Stored data:

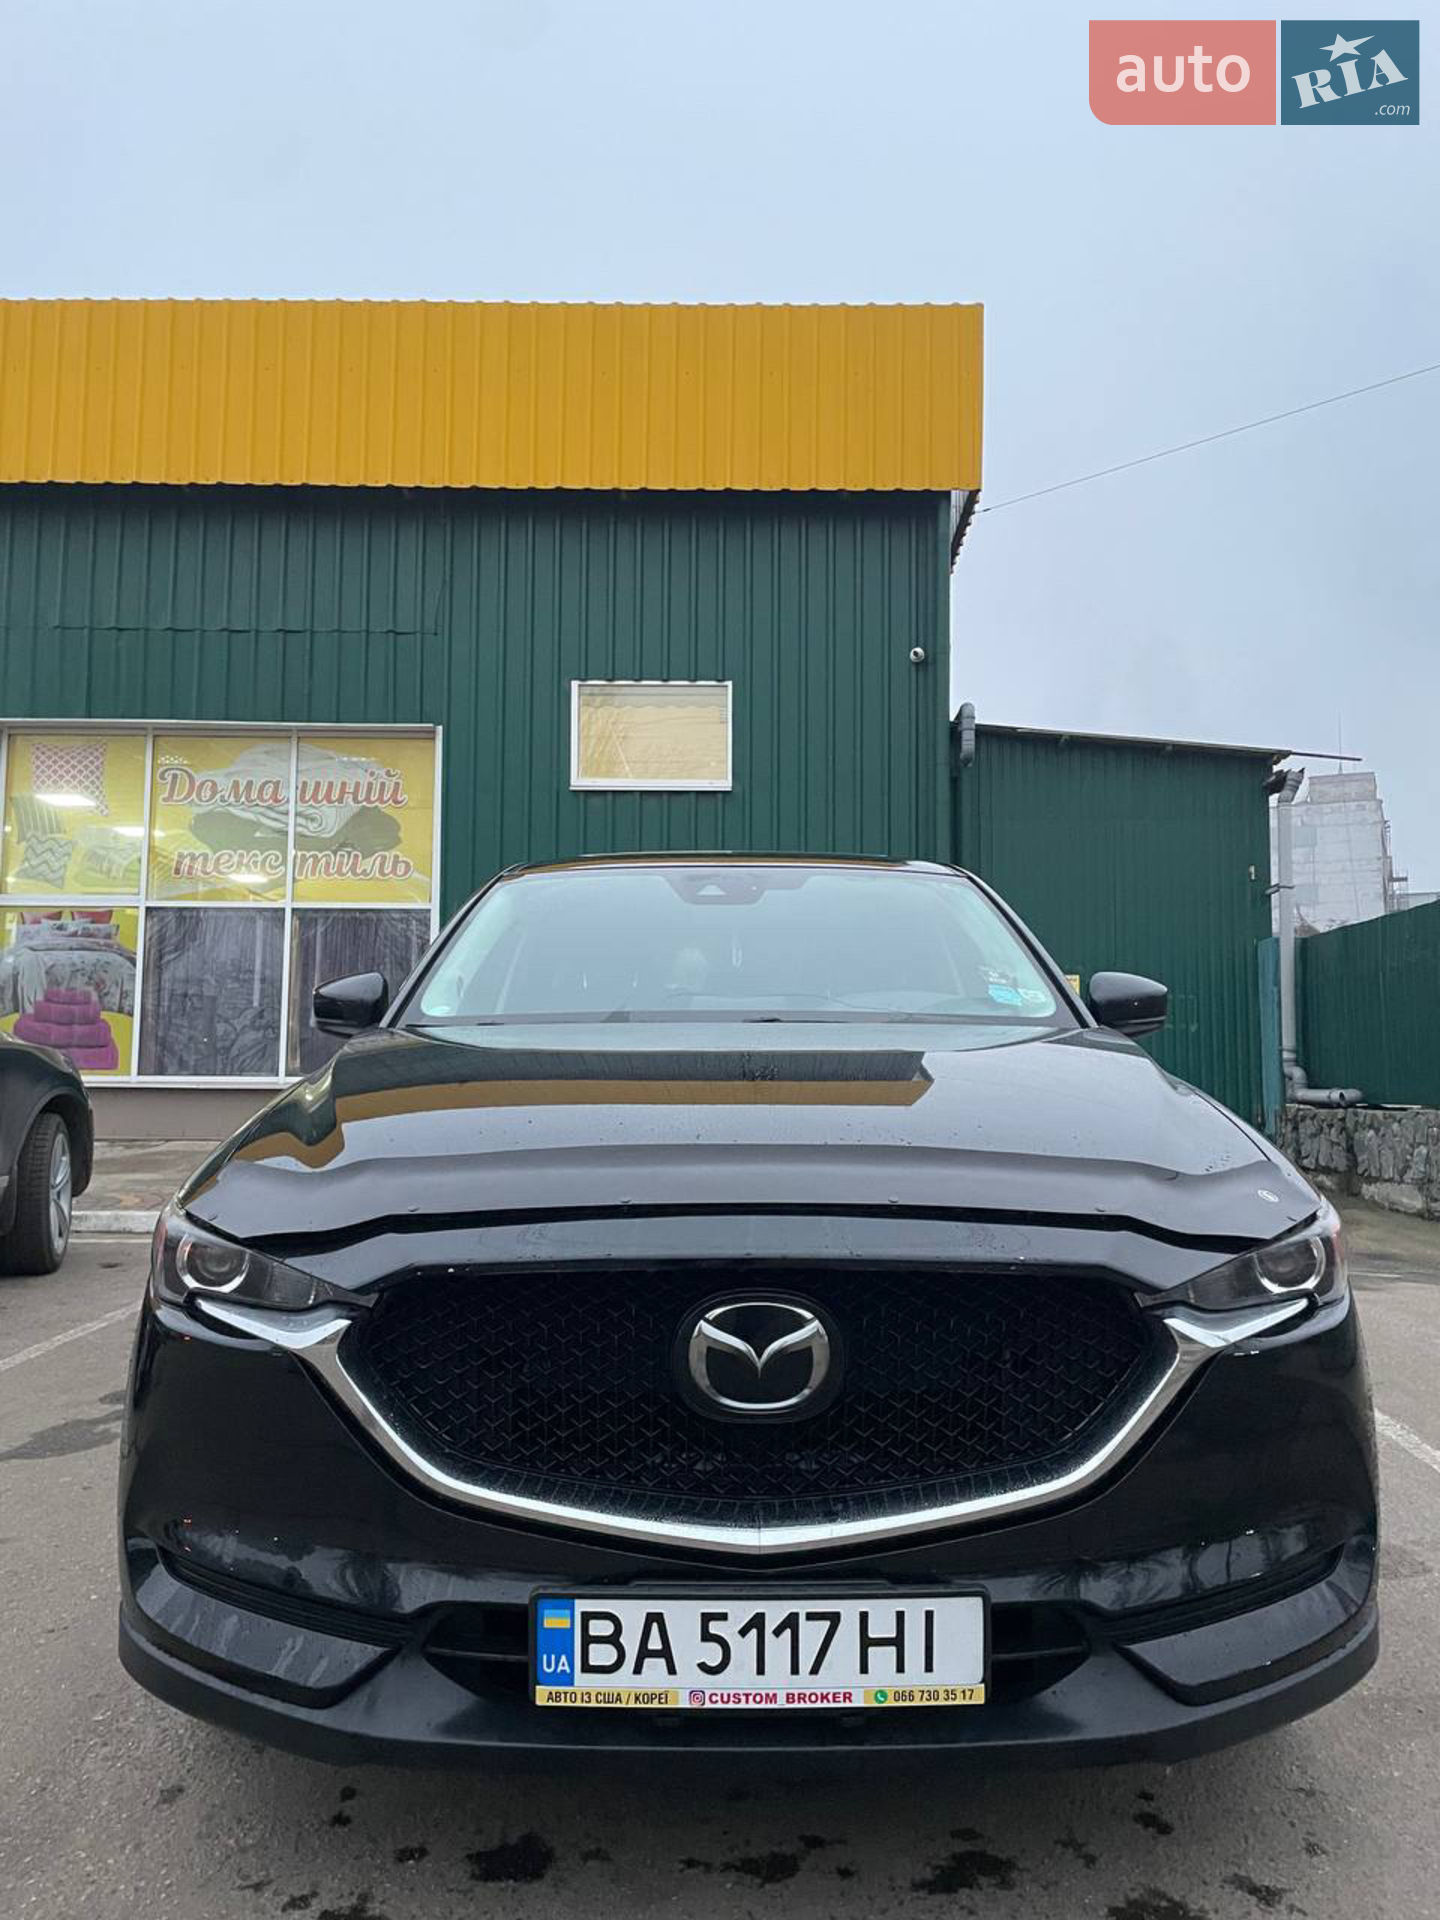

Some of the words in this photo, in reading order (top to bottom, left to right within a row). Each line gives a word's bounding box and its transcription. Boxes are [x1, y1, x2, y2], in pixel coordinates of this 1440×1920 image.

[158, 766, 408, 807] Домашній
[173, 849, 414, 879] текстиль
[580, 1611, 677, 1675] BA
[696, 1611, 842, 1676] 5117
[859, 1609, 935, 1675] HI
[542, 1654, 571, 1673] UA
[546, 1691, 577, 1703] АВТО
[595, 1692, 622, 1704] США
[633, 1690, 669, 1705] КОРЕЇ
[893, 1690, 915, 1702] 066
[918, 1689, 940, 1702] 730
[943, 1689, 957, 1701] 35
[960, 1688, 974, 1700] 17

What the exercise asks:
Reproduce all the material exactly, omitting images.

Problem solution:
Some of the words in this photo, in reading order (top to bottom, left to right within a row). Each line gives a word's bounding box and its transcription. Boxes are [x1, y1, x2, y2], in pixel coordinates of this 1440×1920 image.

[158, 766, 408, 807] Домашній
[173, 849, 414, 879] текстиль
[580, 1611, 677, 1675] BA
[696, 1611, 842, 1676] 5117
[859, 1609, 935, 1675] HI
[542, 1654, 571, 1673] UA
[546, 1691, 577, 1703] АВТО
[595, 1692, 622, 1704] США
[633, 1690, 669, 1705] КОРЕЇ
[893, 1690, 915, 1702] 066
[918, 1689, 940, 1702] 730
[943, 1689, 957, 1701] 35
[960, 1688, 974, 1700] 17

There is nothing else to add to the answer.